:: EXERCISE DATA ::

####

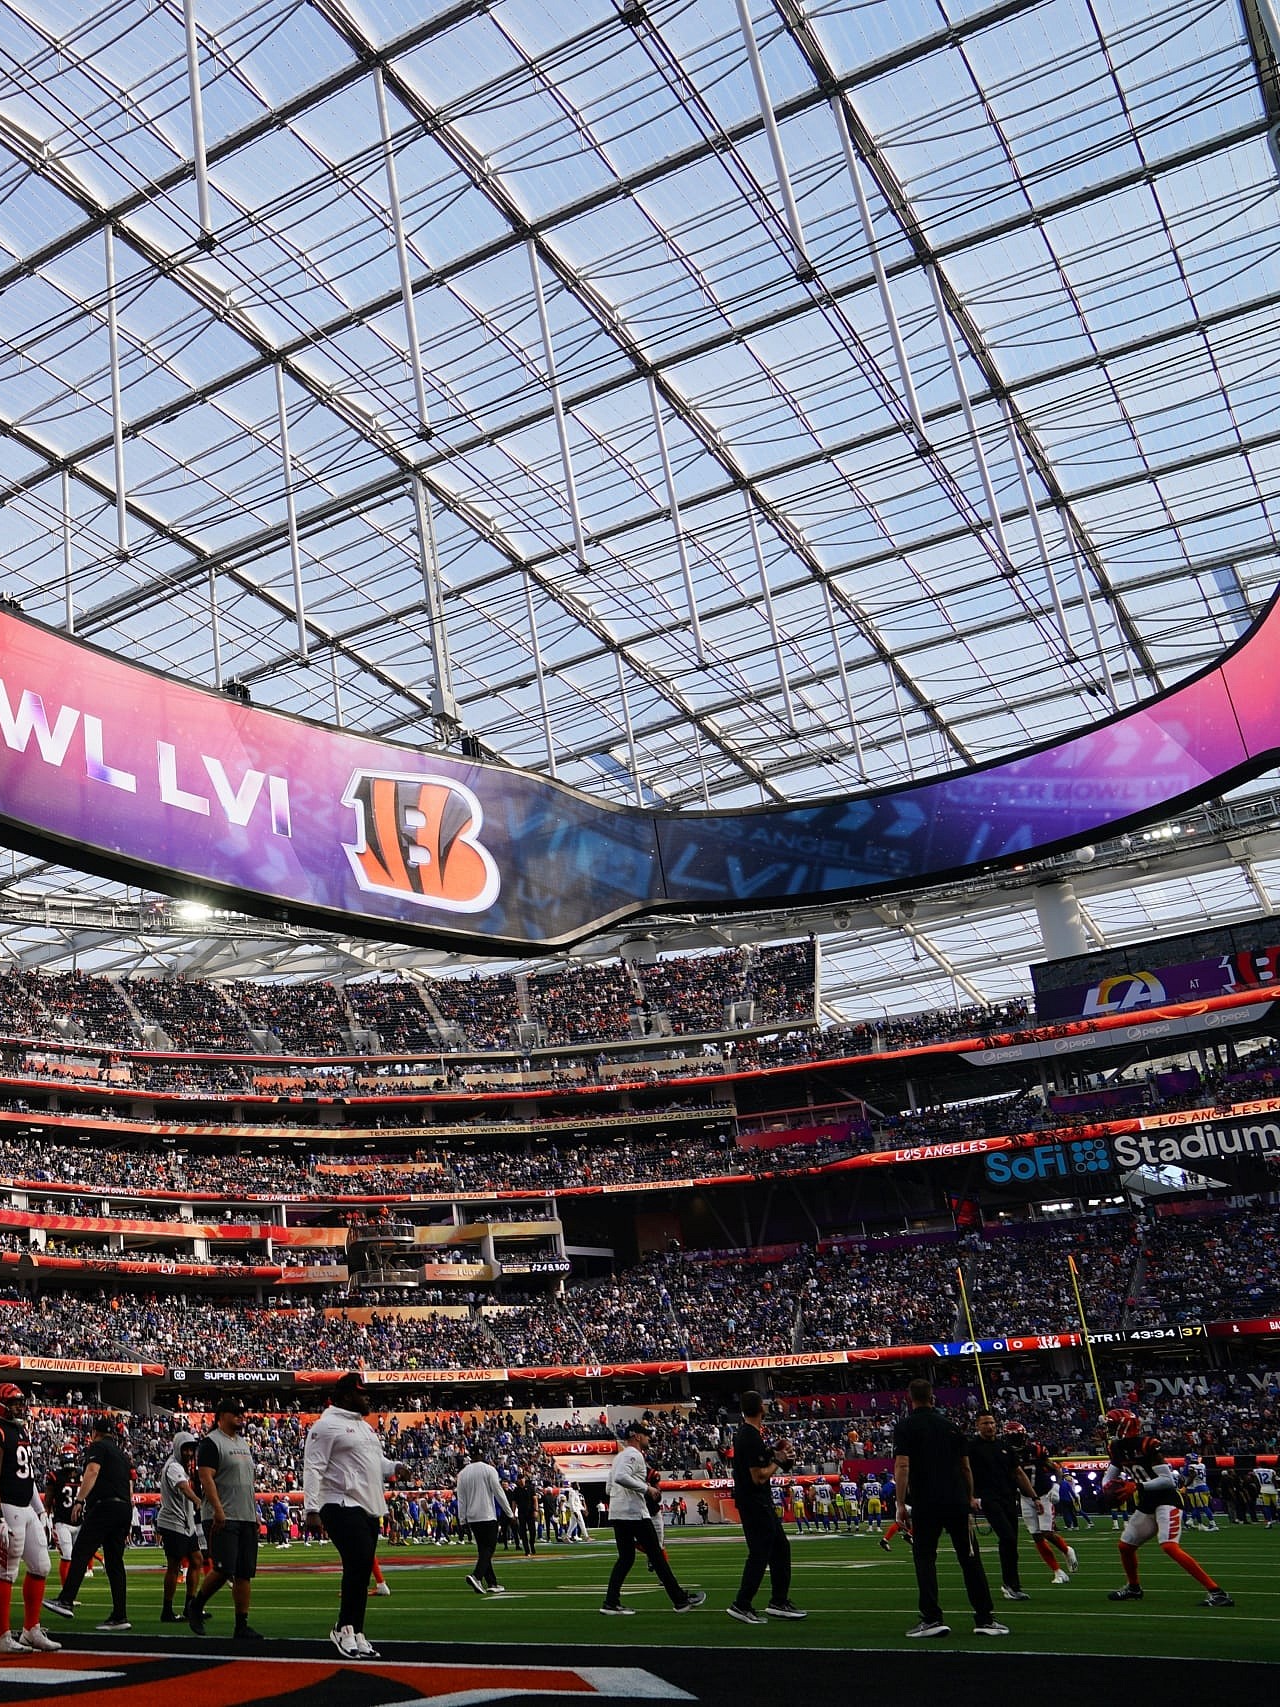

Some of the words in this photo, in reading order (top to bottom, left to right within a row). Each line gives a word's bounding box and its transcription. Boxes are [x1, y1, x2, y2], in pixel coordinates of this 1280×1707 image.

[156, 740, 292, 838] LVI
[1190, 979, 1199, 989] AT
[1220, 1009, 1250, 1023] pepsi
[1142, 1024, 1170, 1036] pepsi
[1069, 1036, 1096, 1049] pepsi
[996, 1048, 1023, 1060] pepsi
[1158, 1114, 1186, 1127] LOS
[1191, 1102, 1261, 1122] ANLES
[561, 1120, 603, 1129] LOCATION
[924, 1139, 988, 1157] ANGELES
[986, 1145, 1067, 1183] SoFi
[1114, 1123, 1280, 1167] Stadium
[1085, 1333, 1113, 1343] QTR
[1130, 1328, 1175, 1339] 43:34
[1182, 1327, 1202, 1336] 37
[30, 1358, 85, 1370] CINCINNATI
[88, 1362, 133, 1374] BENGALS
[699, 1357, 770, 1371] CINCINNATI
[775, 1353, 835, 1367] BENGALS
[204, 1372, 235, 1381] SUPER
[237, 1372, 266, 1381] BOWL
[266, 1373, 280, 1382] LVI
[378, 1373, 400, 1381] LOS
[402, 1372, 454, 1381] ANGELES
[458, 1370, 492, 1380] RAMS
[585, 1367, 602, 1377] LVI
[570, 1443, 587, 1453] LVI
[709, 1479, 735, 1488] SUPE
[1258, 1472, 1270, 1485] 12

####

:: PROBLEM TO SOLVE ::
Retype the data above exactly, dropping every picture.

:: YOUR RESPONSE ::
Some of the words in this photo, in reading order (top to bottom, left to right within a row). Each line gives a word's bounding box and its transcription. Boxes are [x1, y1, x2, y2], in pixel coordinates of this 1280×1707 image.

[156, 740, 292, 838] LVI
[1190, 979, 1199, 989] AT
[1220, 1009, 1250, 1023] pepsi
[1142, 1024, 1170, 1036] pepsi
[1069, 1036, 1096, 1049] pepsi
[996, 1048, 1023, 1060] pepsi
[1158, 1114, 1186, 1127] LOS
[1191, 1102, 1261, 1122] ANLES
[561, 1120, 603, 1129] LOCATION
[924, 1139, 988, 1157] ANGELES
[986, 1145, 1067, 1183] SoFi
[1114, 1123, 1280, 1167] Stadium
[1085, 1333, 1113, 1343] QTR
[1130, 1328, 1175, 1339] 43:34
[1182, 1327, 1202, 1336] 37
[30, 1358, 85, 1370] CINCINNATI
[88, 1362, 133, 1374] BENGALS
[699, 1357, 770, 1371] CINCINNATI
[775, 1353, 835, 1367] BENGALS
[204, 1372, 235, 1381] SUPER
[237, 1372, 266, 1381] BOWL
[266, 1373, 280, 1382] LVI
[378, 1373, 400, 1381] LOS
[402, 1372, 454, 1381] ANGELES
[458, 1370, 492, 1380] RAMS
[585, 1367, 602, 1377] LVI
[570, 1443, 587, 1453] LVI
[709, 1479, 735, 1488] SUPE
[1258, 1472, 1270, 1485] 12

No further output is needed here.